The first issuing of the Usher’s cocktail book can fit in the palm of your hand, a 4×5 booklet that lists popular cocktails of the time without any pretension or presumption. From the evidence left behind it’s not clear whether it was an item guests could buy or if it was something gifted to preferred customers. It’s interesting to note that it includes a recipe for the Marmalade cocktail (the unintentional archetype of Salvatore Calabrese’s Breakfast Martini), first printed in the Savoy cocktail book in 1930; the first edition Usher’s cocktail book was printed in 1931, meaning the recipe was important and popular enough that it made it from London to Sydney and through the printing process in less than 12 months — an amazing measure of time in an era where information travelled as fast as a steam ship could deliver it.
It was apparently so popular that the initial printing fast ran out, so hotel management decided on a second booklet, this time showcasing 10 drinks unique to the hotel and creations of their own bar team.

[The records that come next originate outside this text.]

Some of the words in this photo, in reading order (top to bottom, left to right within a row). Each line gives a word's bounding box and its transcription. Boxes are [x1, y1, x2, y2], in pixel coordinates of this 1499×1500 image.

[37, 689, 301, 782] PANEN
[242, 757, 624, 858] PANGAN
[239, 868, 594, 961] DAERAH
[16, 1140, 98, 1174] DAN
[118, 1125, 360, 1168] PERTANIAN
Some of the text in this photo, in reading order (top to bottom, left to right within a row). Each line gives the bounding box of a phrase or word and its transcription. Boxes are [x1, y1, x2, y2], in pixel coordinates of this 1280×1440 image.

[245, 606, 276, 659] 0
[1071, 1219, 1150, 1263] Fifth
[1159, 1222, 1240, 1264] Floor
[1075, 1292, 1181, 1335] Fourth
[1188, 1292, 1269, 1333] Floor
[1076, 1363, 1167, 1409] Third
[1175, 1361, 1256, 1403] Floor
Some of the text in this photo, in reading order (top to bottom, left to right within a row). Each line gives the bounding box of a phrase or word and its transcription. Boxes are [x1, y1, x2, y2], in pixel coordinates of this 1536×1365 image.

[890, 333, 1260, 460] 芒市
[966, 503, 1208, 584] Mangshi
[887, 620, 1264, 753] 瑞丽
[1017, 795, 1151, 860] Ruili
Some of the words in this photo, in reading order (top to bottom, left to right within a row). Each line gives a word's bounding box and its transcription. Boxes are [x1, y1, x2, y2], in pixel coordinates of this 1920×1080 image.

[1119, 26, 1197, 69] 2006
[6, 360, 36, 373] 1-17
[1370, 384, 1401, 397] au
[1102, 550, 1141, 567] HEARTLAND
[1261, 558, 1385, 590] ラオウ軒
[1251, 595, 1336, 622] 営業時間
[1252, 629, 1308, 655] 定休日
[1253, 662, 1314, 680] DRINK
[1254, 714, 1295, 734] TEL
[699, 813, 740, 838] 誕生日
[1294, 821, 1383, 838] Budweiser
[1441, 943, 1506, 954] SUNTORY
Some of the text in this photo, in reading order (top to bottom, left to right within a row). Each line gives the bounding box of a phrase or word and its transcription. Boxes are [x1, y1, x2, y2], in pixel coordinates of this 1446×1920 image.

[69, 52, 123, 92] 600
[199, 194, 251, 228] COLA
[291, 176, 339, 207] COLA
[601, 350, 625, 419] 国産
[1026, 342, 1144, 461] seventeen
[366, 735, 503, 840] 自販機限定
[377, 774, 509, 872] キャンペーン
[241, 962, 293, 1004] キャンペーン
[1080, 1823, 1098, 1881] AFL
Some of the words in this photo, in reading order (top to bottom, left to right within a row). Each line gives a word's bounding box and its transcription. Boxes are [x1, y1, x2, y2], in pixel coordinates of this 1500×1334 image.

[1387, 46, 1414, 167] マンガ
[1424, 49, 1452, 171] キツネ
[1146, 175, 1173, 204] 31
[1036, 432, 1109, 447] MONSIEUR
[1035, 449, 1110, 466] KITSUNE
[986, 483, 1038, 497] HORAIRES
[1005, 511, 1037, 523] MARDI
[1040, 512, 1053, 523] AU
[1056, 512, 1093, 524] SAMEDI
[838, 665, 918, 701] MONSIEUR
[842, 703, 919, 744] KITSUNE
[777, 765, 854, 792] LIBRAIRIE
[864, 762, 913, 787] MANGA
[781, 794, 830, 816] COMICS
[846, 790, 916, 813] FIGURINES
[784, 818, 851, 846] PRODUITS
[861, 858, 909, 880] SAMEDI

Each drink comes with an accompanying colour illustration from the pen of popular Sydney cartoonist J.C. Bancks, and the booklet’s preface shares hints and tips for mixing cocktails at home.
It’s also amazing to see how drinks made then echo the drinks of today — the Blue Heaven calls for gin, lemon, cointreau, absinthe and blue food colouring; the more astute amongst you will notice that it’s almost the same as Jacob Briars’ Corpse Reviver No. Blue — itself an ironic twist on the Corpse Reviver No.2 — a cocktail first printed in the Savoy Cocktail Book! This must be an example of history unintentionally mirroring itself in some strange unexpected way.
Finally, it’s heartening to see drinks that even at this early developmental stage start to identify with Australia in theme if not ingredients — drinks like the Koala and Kookaburra show an interest in the local character, and ingredients like passion fruit syrup and amontillado sherry appearing on the same menu are a good reminder that there is no such thing as a new trend in bartending, just old themes we riff on behind the stick.
Now
Today only echoes of all these people and place remain. Of Thomas Carlyon Senior and his hotel chain in Melbourne only a faint reminder remains in the T.S Carlyon cup run each February at Caulfield in Melbourne.
The Green Mill in Melbourne changed hands many times until it was finally gutted by a fire and demolished; it is now the grounds of the Melbourne Arts Centre. Despite all its fineries and all its battles Usher’s Metropolitan Hotel couldn’t defeat the march of progress — it ceased serving July 1st 1961, and the Sydney Morning Herald reported the barman as saying that “it was just like any other night except tomorrow we’ll be reporting to another hotel.”
Today the old shell of Usher’s is the Bulgari diamond store opposite from the back entrance to Establishment. Sadly, there’s nothing there except the old bones of the hotel, with the facade long since stripped and lost to time.
T.S. Carlyon Junior didn’t warrant an obituary in the papers himself, but softly faded off into obscurity, leaving behind Australia’s first American/European-inspired cocktail bar and bespoke drinks program. Perhaps he was a man before his time, and if he had been alive 40 years after he would have been a trailblazer in his industry and an icon of Australian bartending. As it stands, for now he is forgotten. Hopefully this article can do something to change that.